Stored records
● ● ●
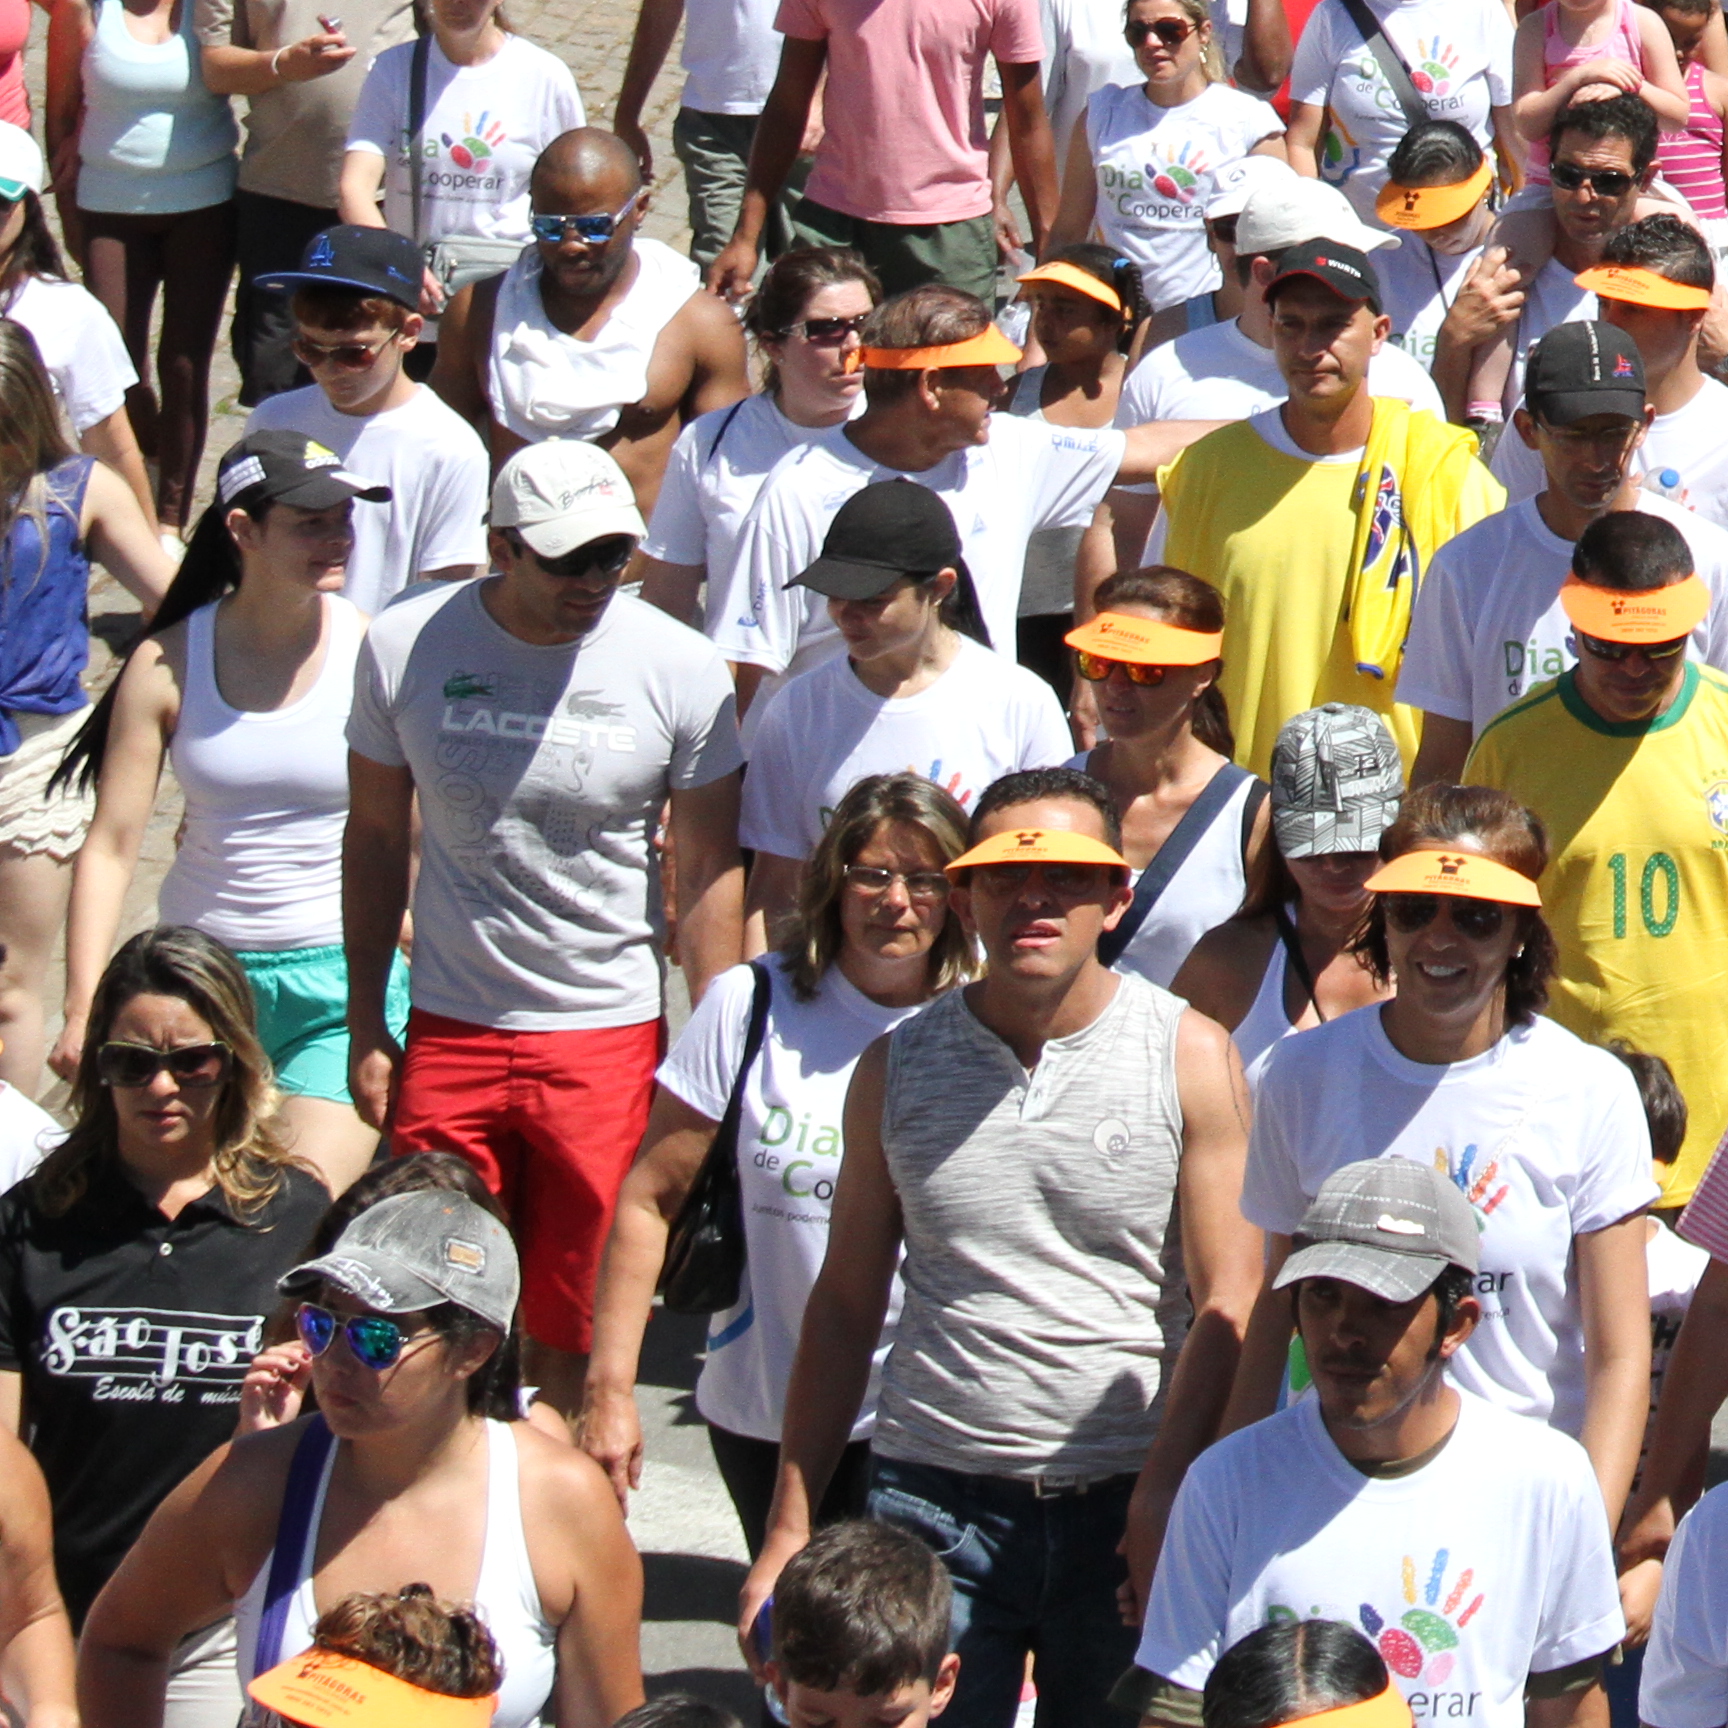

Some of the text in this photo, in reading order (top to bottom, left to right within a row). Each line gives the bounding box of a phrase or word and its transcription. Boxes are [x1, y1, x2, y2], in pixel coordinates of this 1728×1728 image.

[428, 171, 504, 195] ooperar
[1118, 193, 1204, 221] Coopera
[1504, 638, 1566, 677] Dia
[441, 705, 638, 753] LACOSTE
[1607, 851, 1680, 940] 10
[758, 1104, 840, 1157] Dia
[752, 1149, 779, 1173] de
[44, 1306, 269, 1387] São José
[93, 1376, 157, 1403] Escola
[161, 1383, 187, 1403] de
[1408, 1687, 1483, 1718] erar
● ● ●
- [REQUIRED ACTION] Would you set down each line of the data exactly, with no images included?

- [TASK ANSWER]
Some of the text in this photo, in reading order (top to bottom, left to right within a row). Each line gives the bounding box of a phrase or word and its transcription. Boxes are [x1, y1, x2, y2], in pixel coordinates of this 1728×1728 image.

[428, 171, 504, 195] ooperar
[1118, 193, 1204, 221] Coopera
[1504, 638, 1566, 677] Dia
[441, 705, 638, 753] LACOSTE
[1607, 851, 1680, 940] 10
[758, 1104, 840, 1157] Dia
[752, 1149, 779, 1173] de
[44, 1306, 269, 1387] São José
[93, 1376, 157, 1403] Escola
[161, 1383, 187, 1403] de
[1408, 1687, 1483, 1718] erar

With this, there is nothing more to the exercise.